Pelo menos 60 hotéis do Rio de Janeiro – entre os quais Fasano, em Ipanema, Zona Sul; Sheraton Grand Rio, no Leblon, Zona Sul; Grand Hyat, na Barra da Tijuca, Zona Oeste; e Windsor Copacabana, no Leme, Zona Sul – estão com as portas fechadas em razão da pandemia do Covid-19.

O balanço foi divulgado pela Associação Brasileira da Indústria de Hotéis (ABIH). Com isso, a oferta de quartos na cidade caiu de 54 mil para cerca de 20 mil. A taxa de ocupação se encontra inferior a 5%.

A definição sobre a reabertura dos hotéis, bem como a estratégia do que fazer com os funcionários – dispensa ou férias coletivas – depende da estratégia de cada empresário, mas há riscos de desemprego no setor.

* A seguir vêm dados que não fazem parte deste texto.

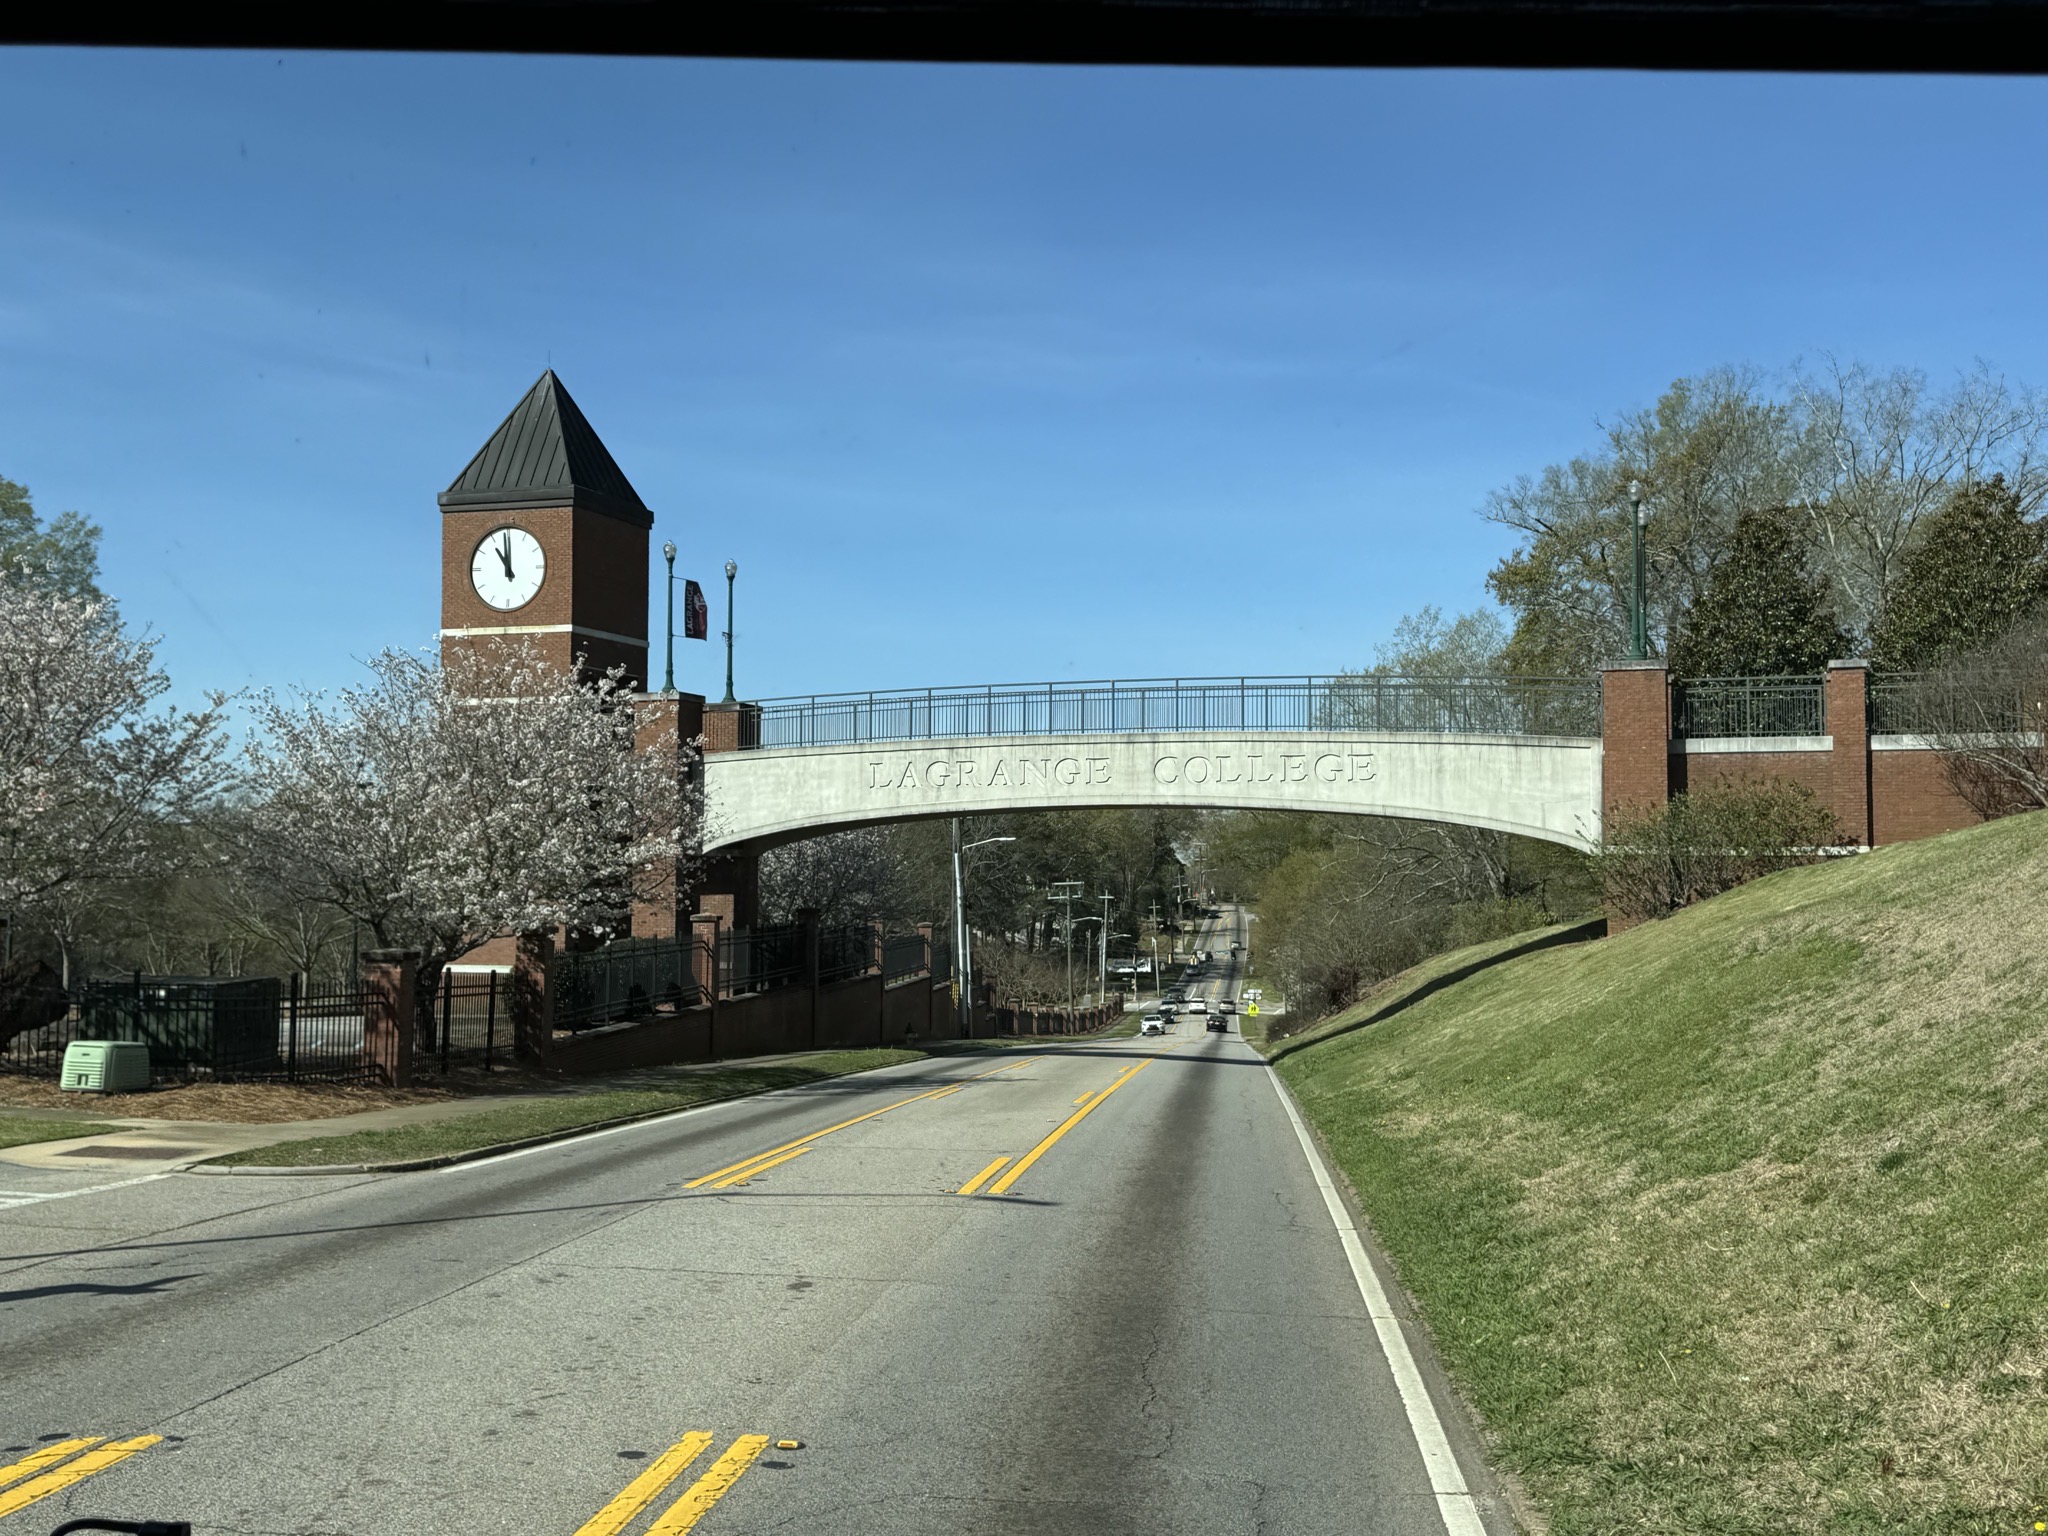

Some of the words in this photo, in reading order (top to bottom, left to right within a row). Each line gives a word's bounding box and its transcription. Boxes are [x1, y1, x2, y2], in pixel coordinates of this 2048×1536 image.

[686, 584, 694, 635] LAGRANGE
[868, 757, 1113, 789] LAGRANGE
[1152, 753, 1378, 784] COLLEGE

O presidente da ABIH, Alfredo Lopes, estima que até 5 mil funcionários podem ser dispensados.

“Boa parte desses leitos estão ocupados por idosos que optaram em ficar em hotéis durante a crise. Outros quartos abrigam e hóspedes, por exemplo da indústria do petróleo. Funcionários que aguardam o momento para o embarque para plataformas de petróleo. A procura para o turismo é reduzida”, disse Alfredo Lopes.

O presidente da ABIH fez o balanço nesta segunda-feira, mesmo dia em que o prefeito Marcelo Crivella editou um decreto que regulamenta a concessão de benefícios fiscais para empresas do setor hoteleiro que hospedarem idosos que vivem em comunidades carentes em sua rede. Deve ser oferecida pensão completa – café da manhã, almoço e jantar. Os estabelecimentos têm que aceitar receber os hóspedes recebendo diárias de até R$120.

Até o momento, três hotéis foram cadastrados para receber até mil idosos. Mas a procura tem sido baixa. Segundo balanço da Secretaria municipal de Assistência Social e Direitos Humanos, até domingo só 16 vagas foram ocupadas. As vagas são em hotéis na Barra da Tijuca, no Recreio dos Bandeirantes e na Zona Portuária.

De acordo com o decreto, os  hotéis que hospedassem idosos carentes poderiam abater até 100% de seus créditos de IPTU e ISS, inclusive em atraso, com vencimento até dezembro desse ano, inscritos ou não em Dívida Ativa, em uma espécie de acerto de contas, tendo os valores das diárias fixadas pela prefeitura  como referência. Se a dívida for superior ao que a prefeitura pagaria pelas hospedagens, será descontada, mas a diferença continuará a ser cobrada. Caso esteja em litígio na Justiça com a prefeitura em relação aos valores devidos, o interessado em aderir ao programa deverá renunciar a continuidade da ação judicial.

“Vários hotéis têm interesse em participar. Isso poderia reduzir as despesas com o IPTU até o fim do ano. A prefeitura ofereceu como alternativa perdoar dívidas de ISS. Mas para hotéis que estão com impostos em dia tem menos efeito, porque, sem hóspedes, eles também não descontam o ISS. Mas o grande problema hoje é que os hotéis já cadastrados pela prefeitura ainda não conseguem nem preencher as vagas oferecidas”, acrescentou  Lopes.